**Exercise goal**
Where the word "páginas" appears in a line below, copy the whole line.

Free-text object descriptions:
= Beginning of Section =

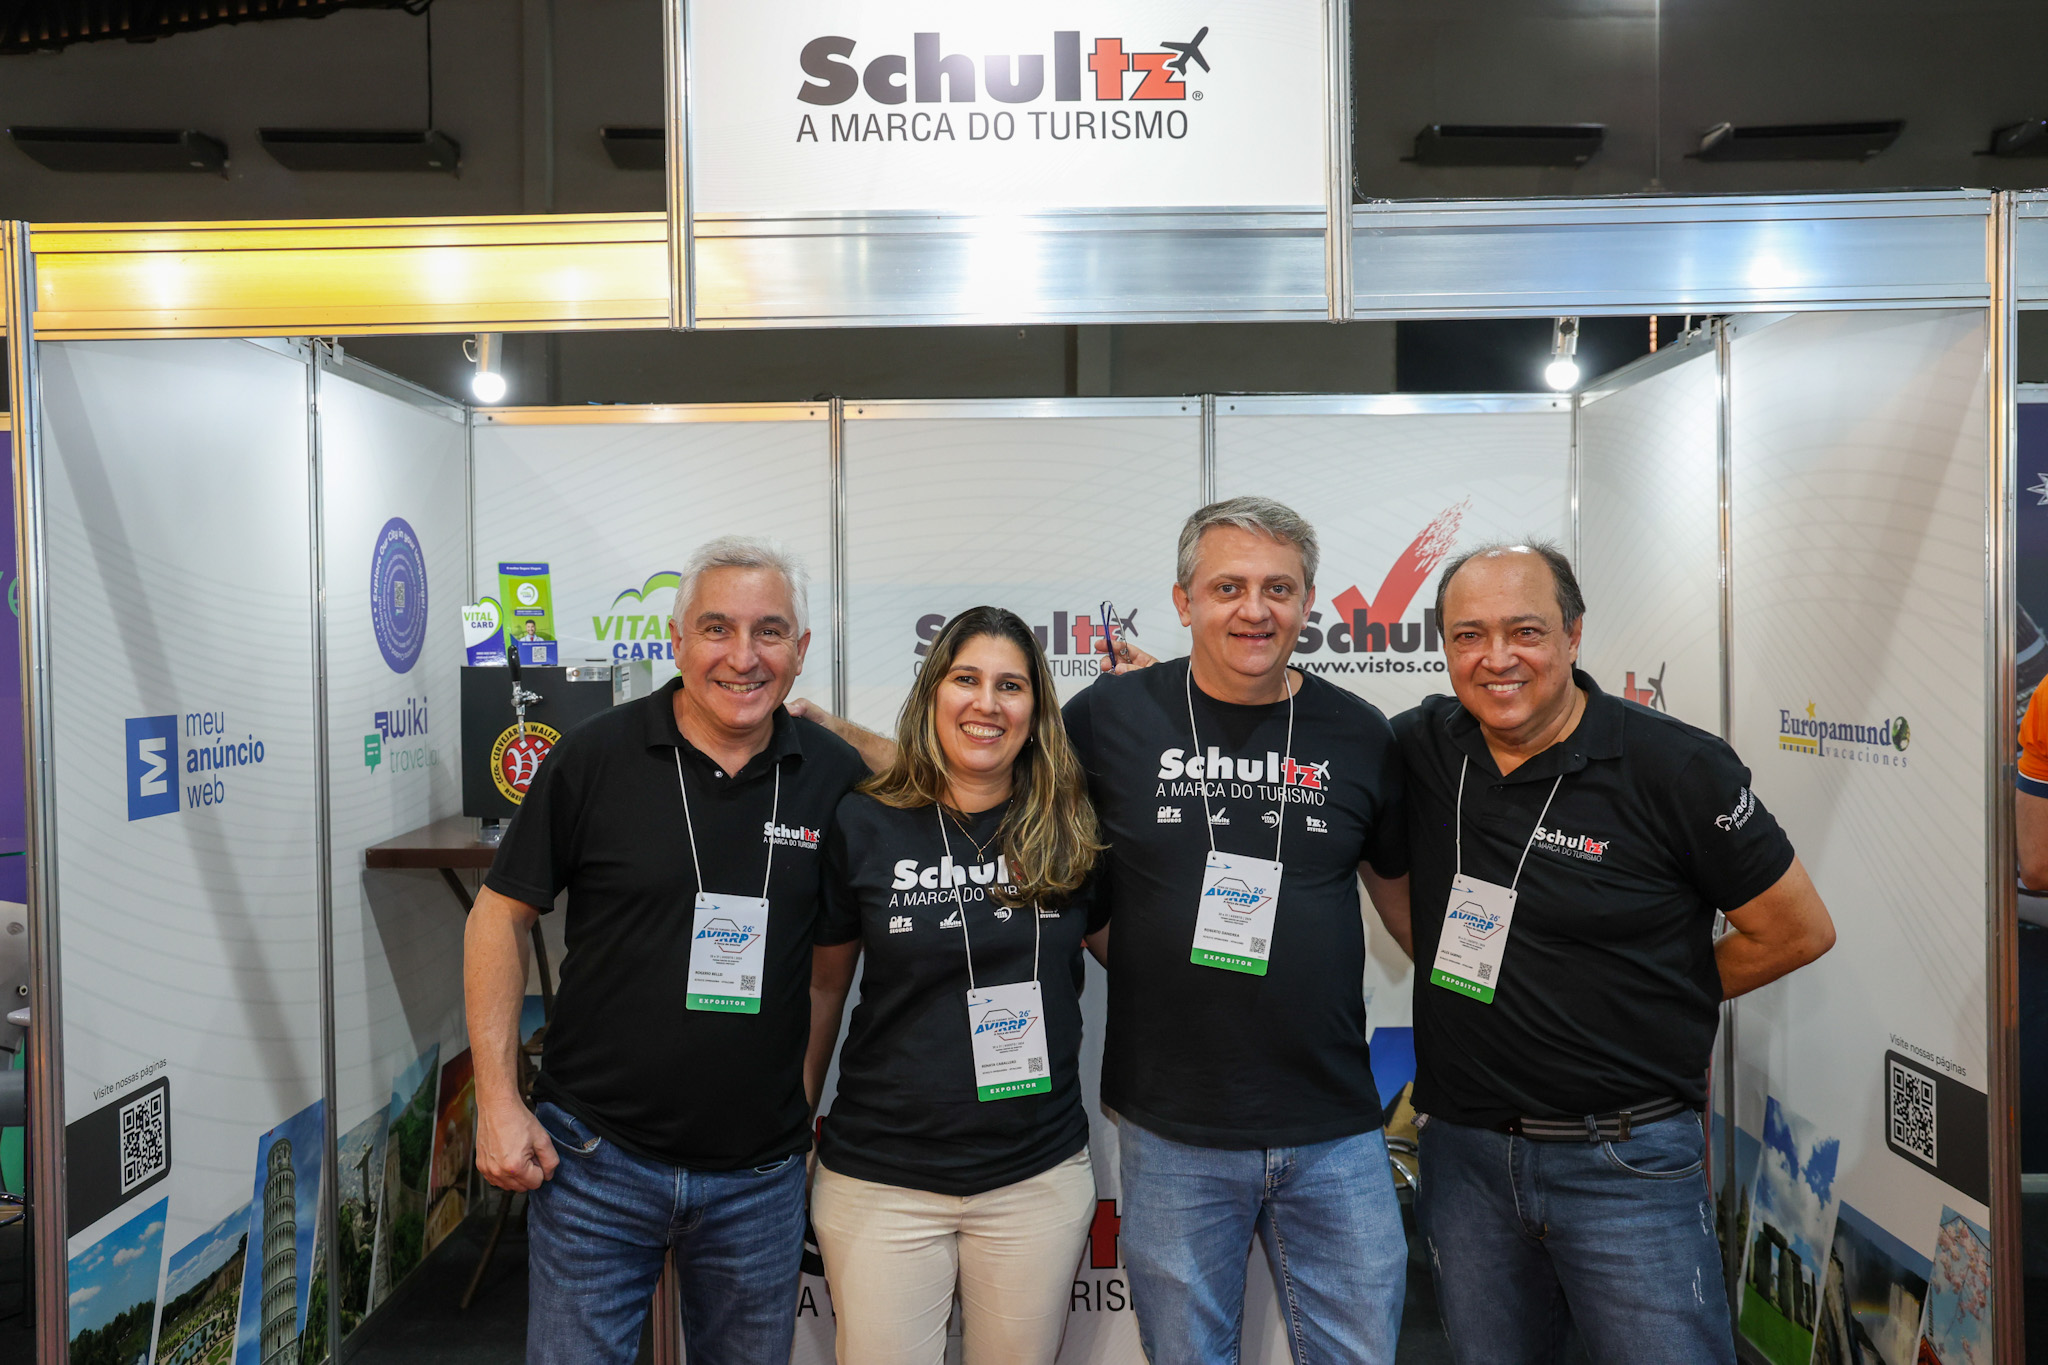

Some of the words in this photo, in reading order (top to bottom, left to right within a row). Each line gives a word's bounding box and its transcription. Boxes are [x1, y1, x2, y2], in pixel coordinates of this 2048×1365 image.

[796, 30, 1187, 106] Schultz
[796, 113, 819, 142] A
[831, 112, 956, 142] MARCA
[968, 111, 1015, 141] DO
[1027, 109, 1189, 140] TURISMO
[463, 612, 493, 621] VITAL
[471, 621, 494, 629] CARD
[1293, 608, 1439, 654] Schul
[1049, 659, 1102, 677] TURIS
[1290, 656, 1449, 673] www.vistos.co
[186, 711, 225, 737] meu
[186, 734, 265, 773] anúncio
[493, 725, 527, 761] CERVEJARA
[1157, 746, 1322, 790] Schultz
[1825, 746, 1908, 768] vacaciones
[187, 774, 225, 809] web
[1155, 782, 1166, 798] A
[1170, 782, 1226, 798] MARCA
[1231, 783, 1253, 799] DO
[1256, 785, 1325, 807] TURISMO
[763, 821, 817, 843] Schultz
[789, 839, 797, 847] DO
[1534, 826, 1603, 855] Schultz
[1537, 842, 1560, 854] MARCA
[1561, 847, 1572, 856] DO
[1572, 850, 1602, 862] TURISMO
[891, 854, 1010, 891] Schul
[888, 893, 899, 908] A
[903, 890, 959, 907] MARCA
[963, 887, 985, 903] DO
[1204, 887, 1260, 905] AVIRRP
[1447, 910, 1494, 931] AVIRRP
[695, 929, 749, 943] AVIRRP
[1203, 953, 1253, 967] EXPOSITOR
[1441, 975, 1482, 993] EXPOSITOR
[698, 998, 746, 1006] EXPOSITOR
[974, 1018, 1027, 1035] AVIRRP
[1889, 1032, 1909, 1050] Visite
[1909, 1044, 1935, 1062] nossas
[1935, 1056, 1967, 1077] páginas
[93, 1083, 114, 1101] Visite
[115, 1072, 140, 1091] nossas
[140, 1058, 167, 1080] páginas
[990, 1082, 1037, 1094] EXPOSITOR
[797, 1286, 819, 1317] A

= End of Section =

**Exercise solution**
[1935, 1056, 1967, 1077] páginas
[140, 1058, 167, 1080] páginas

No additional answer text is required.